La pérdida de imagen de Alberto Fernández parece acrecentarse sin solución de continuidad. Mientras se prolongaba más de la cuenta el compás de espera abierto con motivo de la renuncia de Marcela Losardo, y su reemplazante era materia de disputas, el presidente resultó corrido a cascotazos de la provincia de Chubut. Saber quiénes fueron los autores del hecho es asunto menor comparado con la capitis diminutio infligida a la autoridad presidencial. Que se recuerde nadie ejerció este tipo de violencia contra Carlos Menem o Néstor Kirchner durante sus respectivas gestiones presidenciales. Las piedras que impactaron en la luneta trasera de la camioneta que trasladaba a Alberto Fernández y a su comitiva, bien pudieron haber terminado en una tragedia.

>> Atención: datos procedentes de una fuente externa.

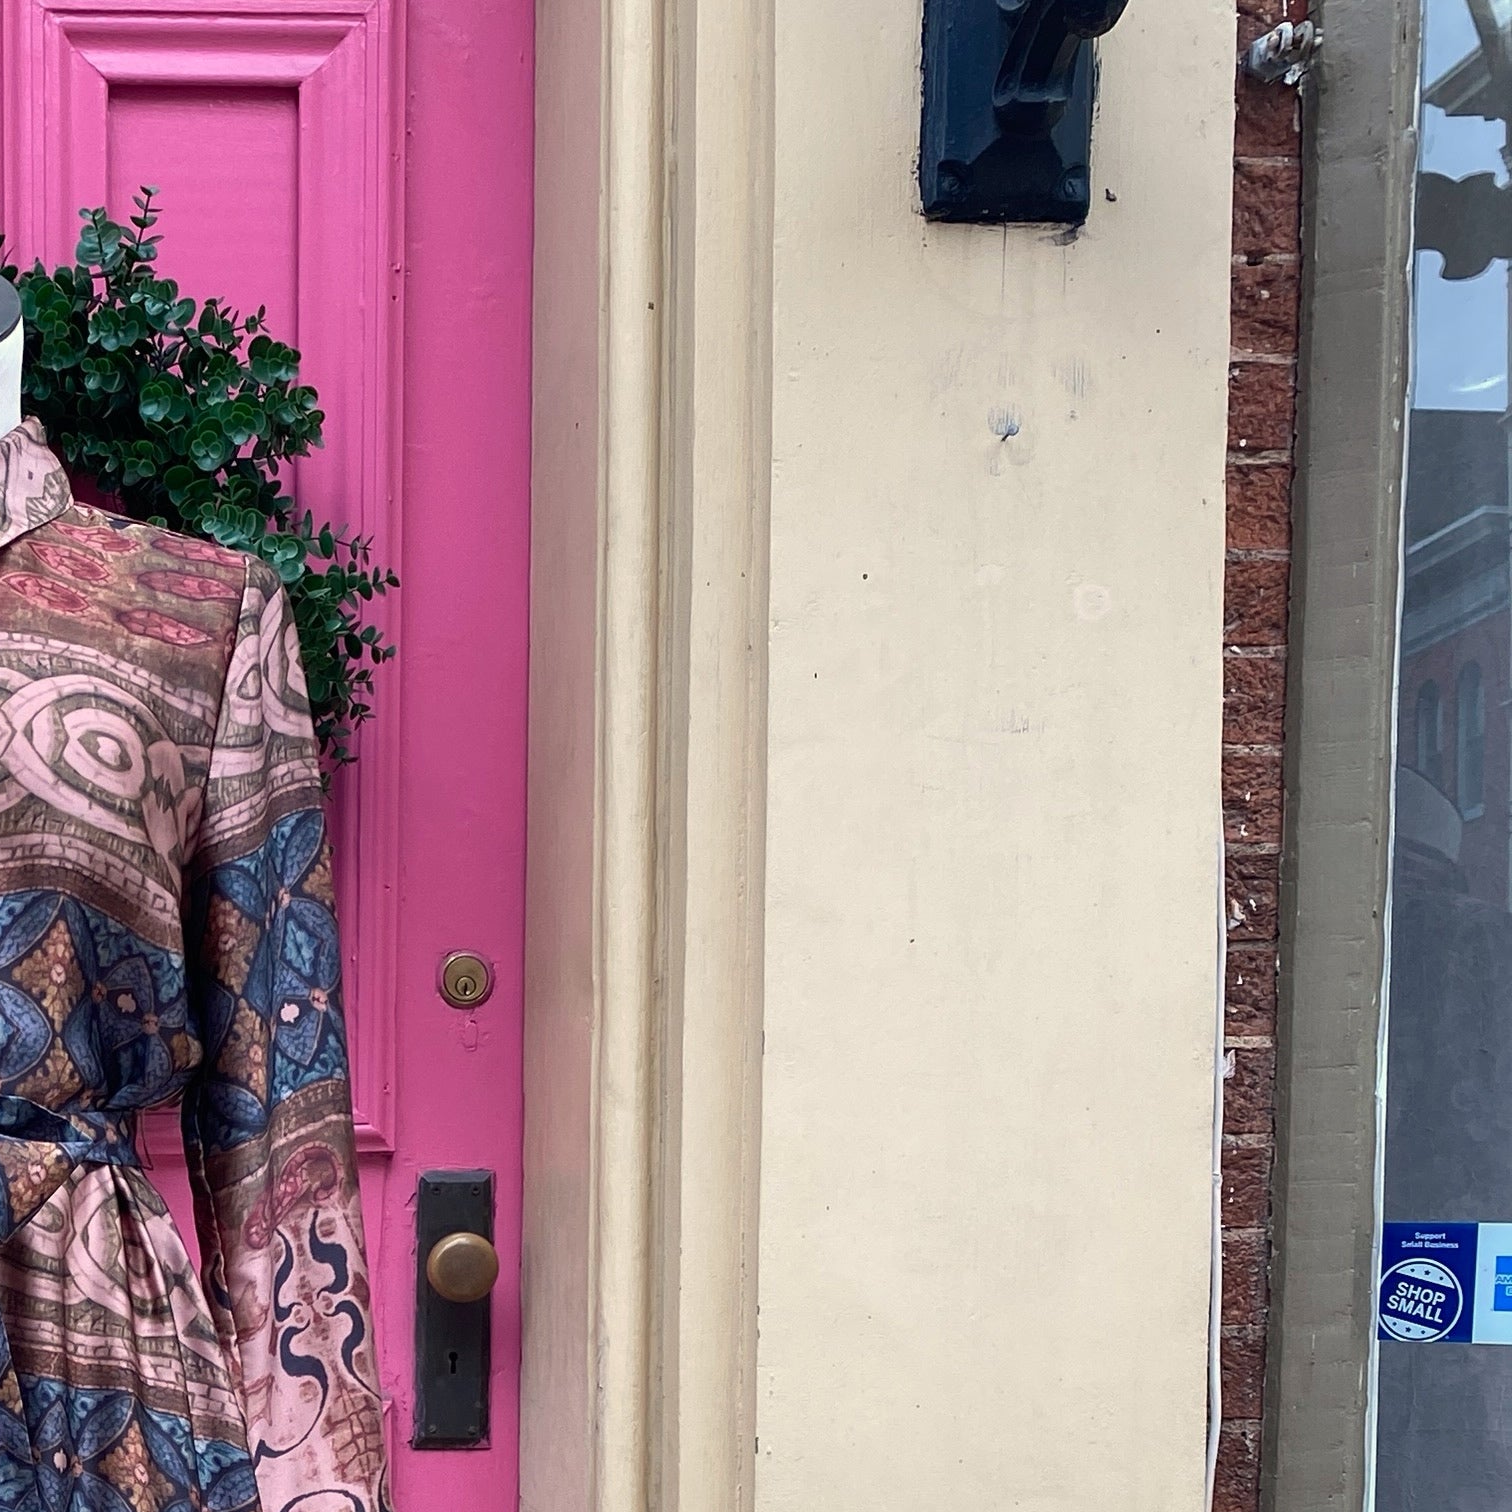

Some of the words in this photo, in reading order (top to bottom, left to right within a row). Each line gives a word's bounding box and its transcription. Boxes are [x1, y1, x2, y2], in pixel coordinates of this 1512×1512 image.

[1414, 1232, 1445, 1240] Support
[1396, 1282, 1446, 1305] SHOP
[1387, 1295, 1443, 1323] SMALL

A pesar de todo lo expuesto, el escenario que presenta el país no semeja el de un vacío de poder ni el de una cohabitación de poderes -como dio la impresión de que existiría al comienzo de esta administración- sino el de un poder formal con asiento en la Casa Rosada y otro real con sede en el Instituto Patria. Por eso estamos lejos de una crisis de gobernabilidad.
Que al presidente de la República le hayan perdido el respeto, y que su servilismo no sea fácil de disimular, no significa que peligre la estabilidad del oficialismo o que nos encontremos al filo de una situación de carácter anárquico. Sólo podría producirse en el supuesto de que aquél -cansado de hacer el triste papel de amanuense- se revelase y optase por renunciar delante de la Señora. Algo casi imposible en virtud de que los dos no se consideran protagonistas de una anomalía. Cada uno, a su manera, está cómodo en la posición que ocupa. Después de todo, el derrotero que siguen es el que habían pactado de antemano. En ningún momento a Cristina se le cruzó por la cabeza compartir el poder. Y Alberto supo, desde el vamos, que resultaría en vano hacerse ilusiones con que su autoridad sería omnímoda.